This is a country run for the corporate interest, by the corporate interest, with absolutely no shits given for the people. Our economy is in the toilet and we blame the poor people, instead of the corporations who sent their jobs overseas. We have successfully downgraded our culture from “Give me your tired, your poor, your huddled masses yearning to breathe free,” to “Wait, stop, close the borders, immigrants are taking over a country built by immigrants,” and “Oh, you’re a refugee from a war-torn country the US helped ravage with its own political agenda? You can’t survive in Mexico because the US government supplied the cartels with the weapons they used to pillage your village? No, thank you. Stay in your own country and fix your own problems.”
This is not Obama’s fault. This is not Bush’s fault. The fault is on the American people, for perpetuating a convoluted two-party system, for buying into the media’s fear-mongering, for electing politicians who represent corporate interests over the needs of the American people.

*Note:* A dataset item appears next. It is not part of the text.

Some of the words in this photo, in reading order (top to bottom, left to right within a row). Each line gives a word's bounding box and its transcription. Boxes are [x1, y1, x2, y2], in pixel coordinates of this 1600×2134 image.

9/11 was an awful, horrible act of terror that shook the world and changed America forever, but in all the wrong ways. Now we live in fear of a culture we don’t understand and don’t even try to understand. Now we allow our government to slowly and silently strip us of our rights in the name of “homeland security.” Now we battle ISIS, an organization created in response to several generation’s worth of Western occupation, desecration and destruction. Many innocent lives were lost on 9/11, and there’s nothing good about that, but it is far from the only horrific historical event worth remembering if we are to save ourselves from the arrogance that will doom us to burn like Rome.

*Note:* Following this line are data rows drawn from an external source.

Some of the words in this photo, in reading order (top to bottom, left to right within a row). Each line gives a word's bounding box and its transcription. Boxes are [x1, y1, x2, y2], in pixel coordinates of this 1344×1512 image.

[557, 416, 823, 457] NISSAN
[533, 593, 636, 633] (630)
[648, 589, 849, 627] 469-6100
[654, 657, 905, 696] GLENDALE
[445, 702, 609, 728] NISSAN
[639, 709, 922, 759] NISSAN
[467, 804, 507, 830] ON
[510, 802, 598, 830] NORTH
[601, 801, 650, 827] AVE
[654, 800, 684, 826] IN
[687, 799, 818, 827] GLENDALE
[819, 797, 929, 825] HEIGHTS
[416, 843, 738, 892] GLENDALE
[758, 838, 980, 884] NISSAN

14 years ago today, every American watched in horror as we saw the effects of war carried out on our own soil for the first time in a generation. It was savage, it was brutal, and it was tragic, yet still the most destitute of born-and-raised Americans have never seen their entire hometowns destroyed, their mothers raped, their fathers torn in half by bullets, and their homes burned to the ground. The poorest in America can still find food in garbage cans and can still access clean water from a public source, two luxuries not shared by much of the world’s population, and yet somehow America still likes to play the victim. The fact that I was born in America by chance does not make me more worthy of basic human rights than anyone who was unfortunate enough to be born in the wrong place at the wrong time. Human rights are universal and cannot be doled out by personal opinion dependent on race, religion, ethnicity, or country of origin. Black lives matter. White lives matter. Brown lives matter. American lives matter. Syrian lives matter. Christian lives matter. Muslim lives matter. The lives lost on 9/11 matter and should never be forgotten, but neither should any of the other lives lost to political conflict, and if you think your American life is of more value than a life halfway across the planet, you’re part of what’s wrong with this world.
You make some decent points, but just because somebody posted a flag on their facebook page on Sept 11th doesn’t mean they aren’t aware of the world at large and it’s problems.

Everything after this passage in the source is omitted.